[What you have to do]
Return, with both end lines included, exactly what the data below holds from the line with "this 1920×1280 image." through the line with "this 1600×1066 image.", though not the pictures.

───── Exercise data

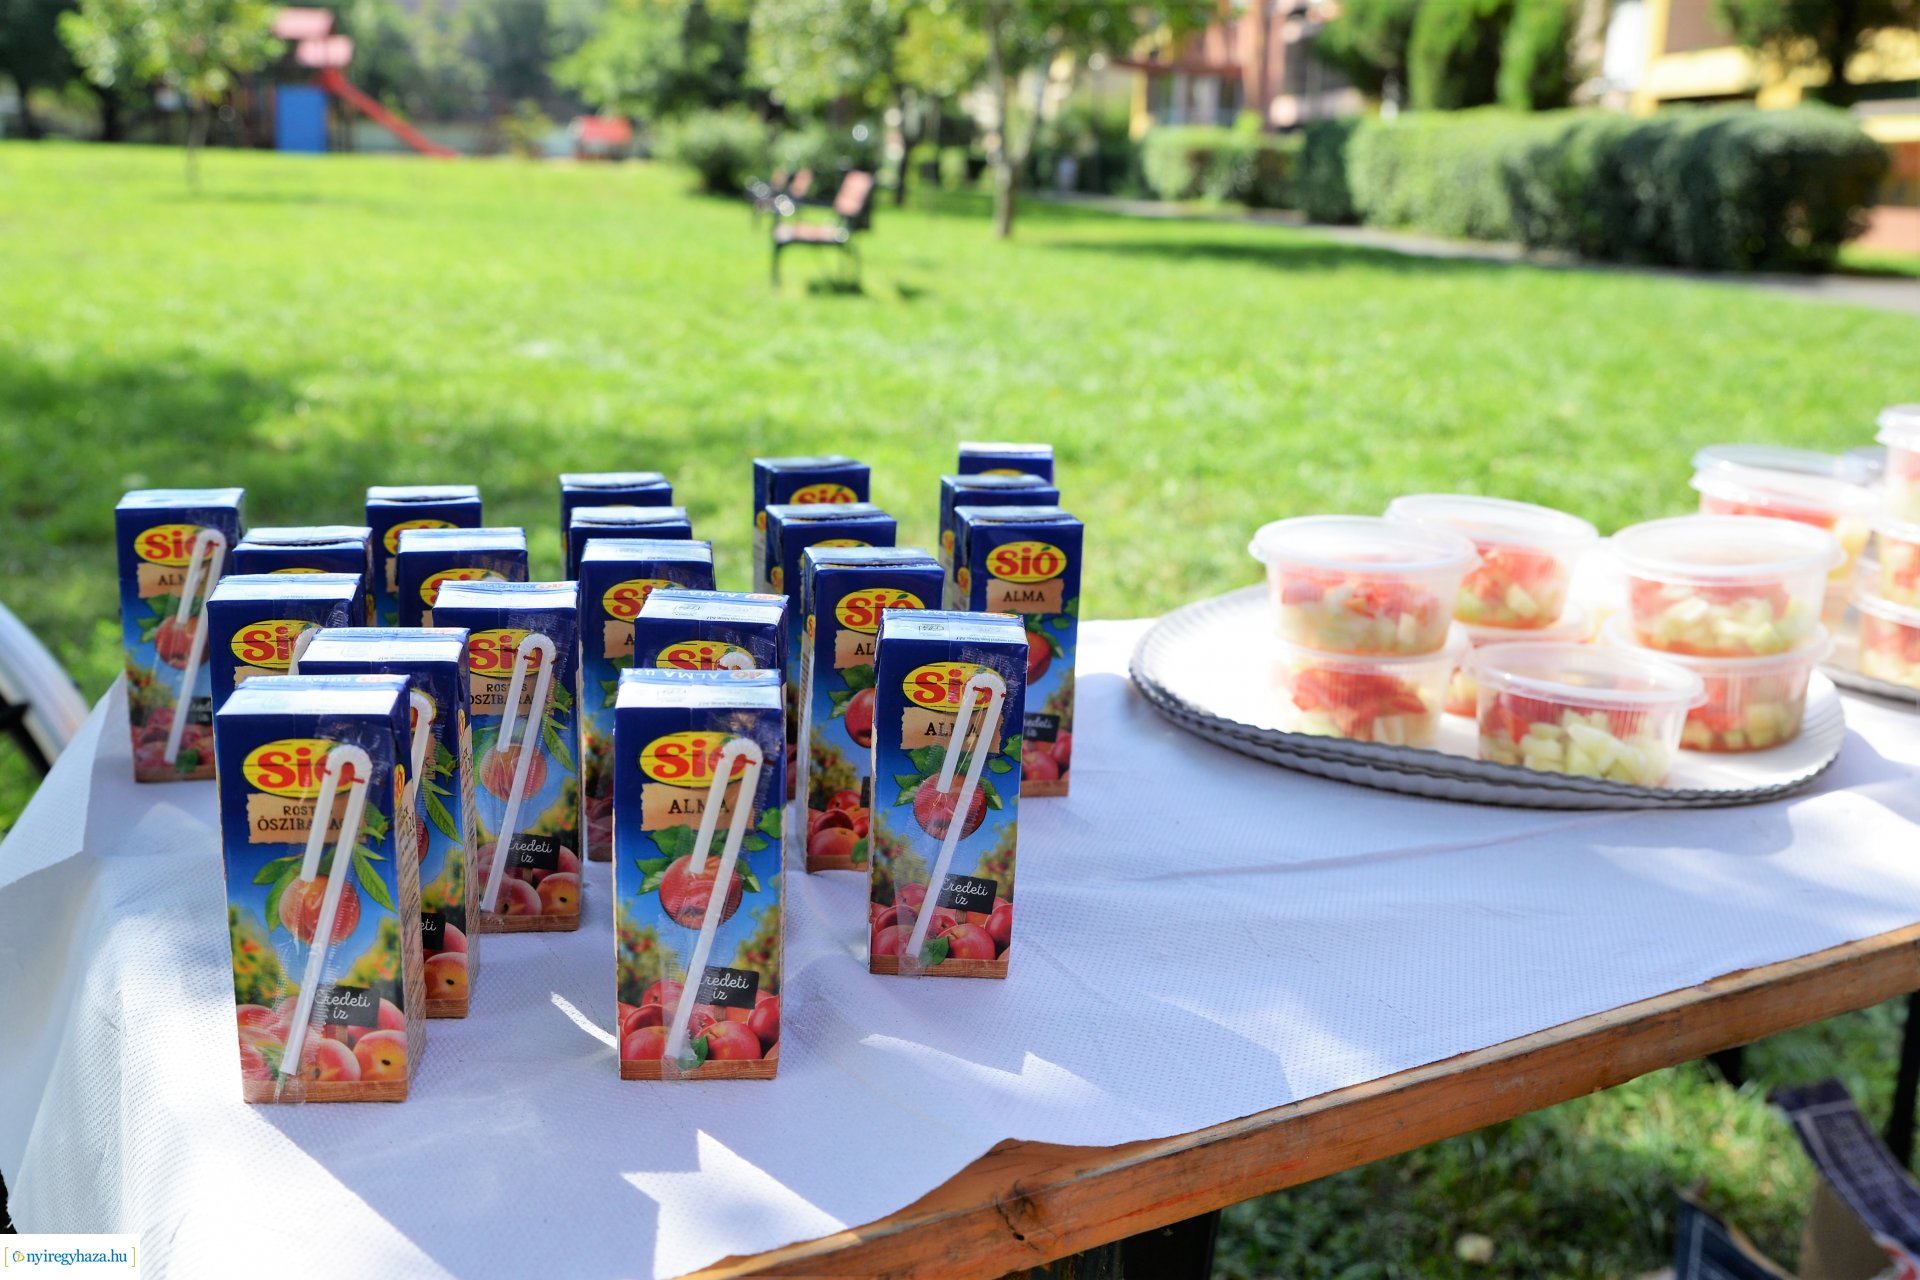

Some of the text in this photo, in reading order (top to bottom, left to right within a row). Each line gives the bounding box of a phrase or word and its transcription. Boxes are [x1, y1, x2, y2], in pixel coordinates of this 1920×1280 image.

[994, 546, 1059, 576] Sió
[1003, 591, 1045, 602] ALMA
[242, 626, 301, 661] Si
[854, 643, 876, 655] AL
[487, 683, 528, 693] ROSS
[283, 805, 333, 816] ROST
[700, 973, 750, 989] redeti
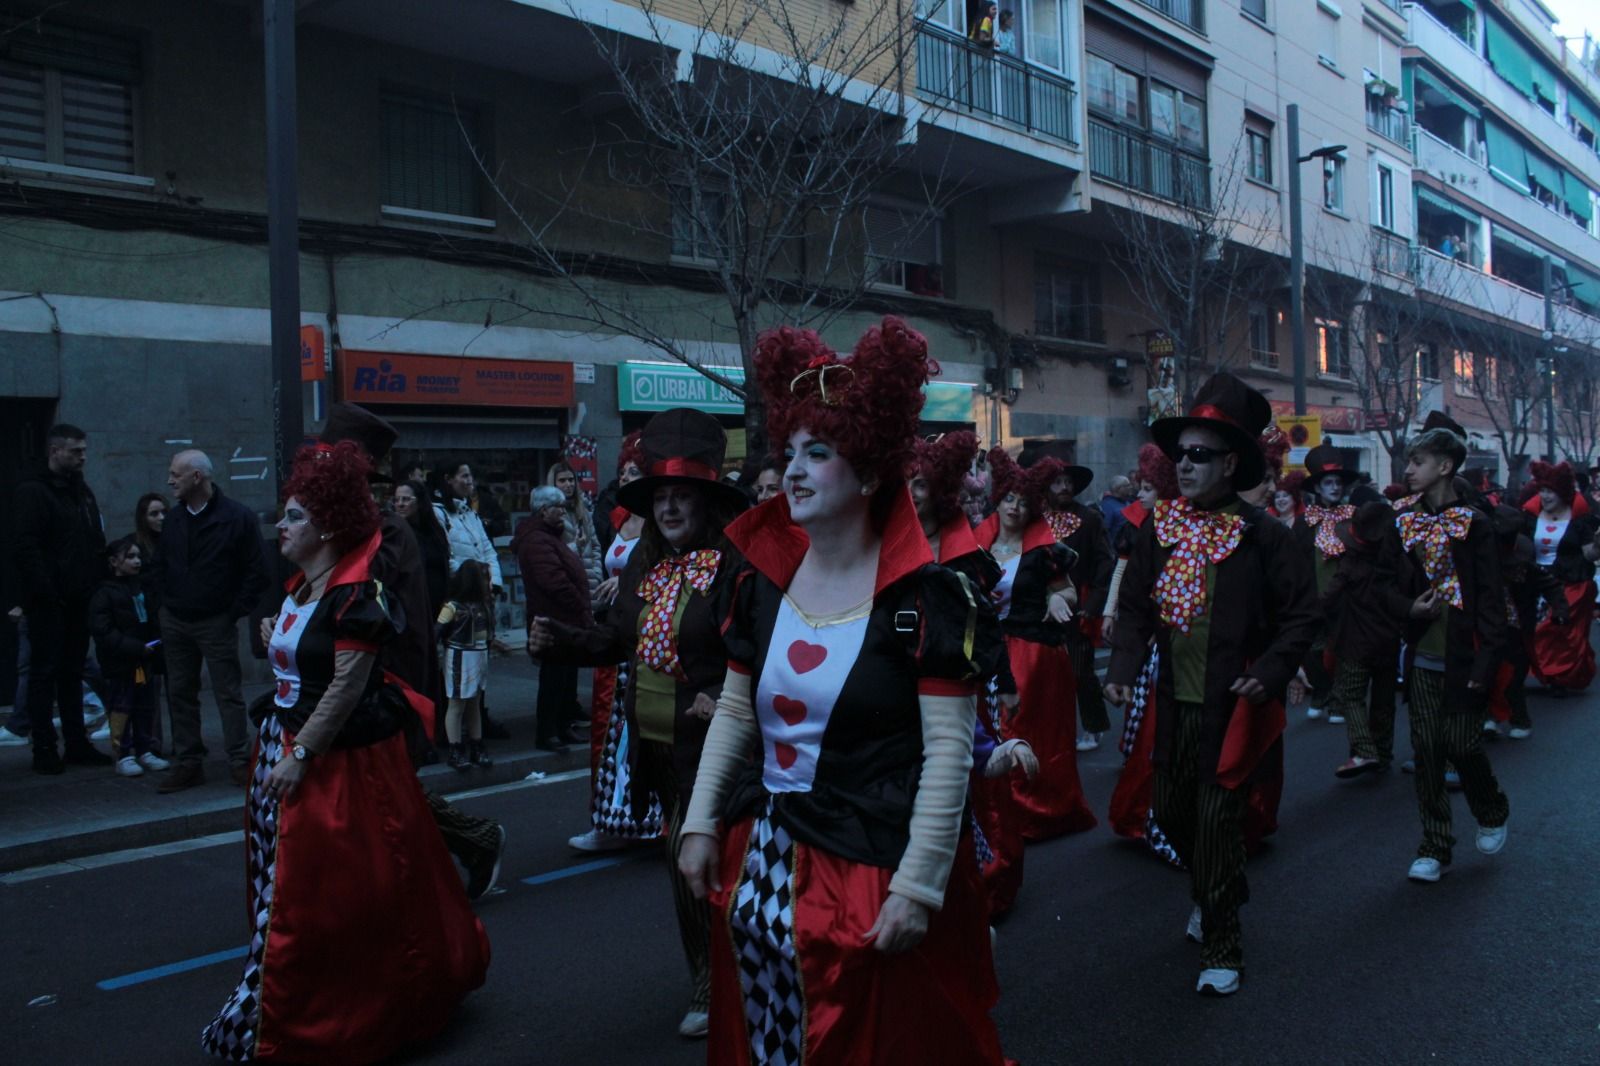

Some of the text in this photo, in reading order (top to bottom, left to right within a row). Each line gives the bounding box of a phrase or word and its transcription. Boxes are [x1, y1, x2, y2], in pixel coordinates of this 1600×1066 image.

──────────
───── Exercise data

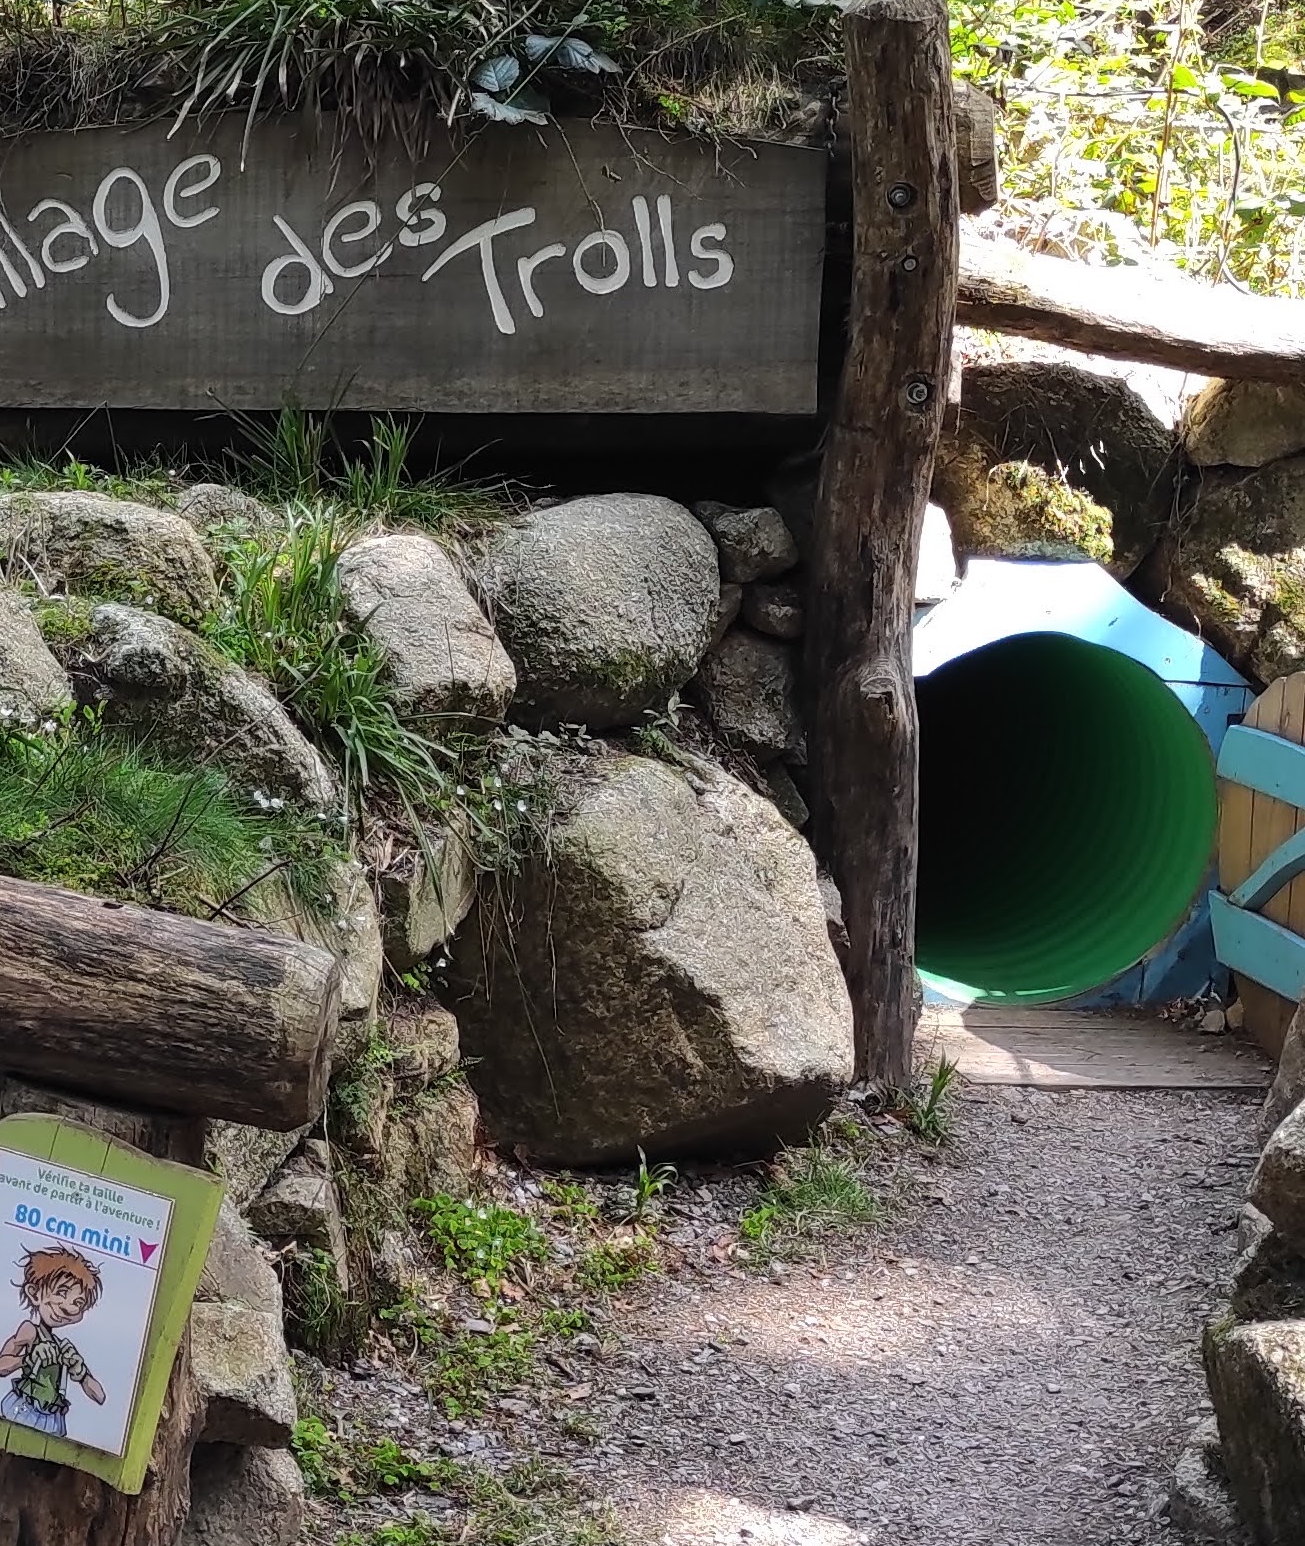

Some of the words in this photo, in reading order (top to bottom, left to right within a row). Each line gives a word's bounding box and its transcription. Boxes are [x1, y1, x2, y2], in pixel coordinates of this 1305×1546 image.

──────────

[Written answer]
Some of the text in this photo, in reading order (top to bottom, left to right within a row). Each line gives the bounding box of a phrase or word and its transcription. Boxes are [x1, y1, x2, y2], in pixel coordinates of this 1920×1280 image.

[994, 546, 1059, 576] Sió
[1003, 591, 1045, 602] ALMA
[242, 626, 301, 661] Si
[854, 643, 876, 655] AL
[487, 683, 528, 693] ROSS
[283, 805, 333, 816] ROST
[700, 973, 750, 989] redeti

Some of the text in this photo, in reading order (top to bottom, left to right within a row). Each line gives the bounding box of a phrase or word and its transcription. Boxes are [x1, y1, x2, y2], in pixel coordinates of this 1600×1066 image.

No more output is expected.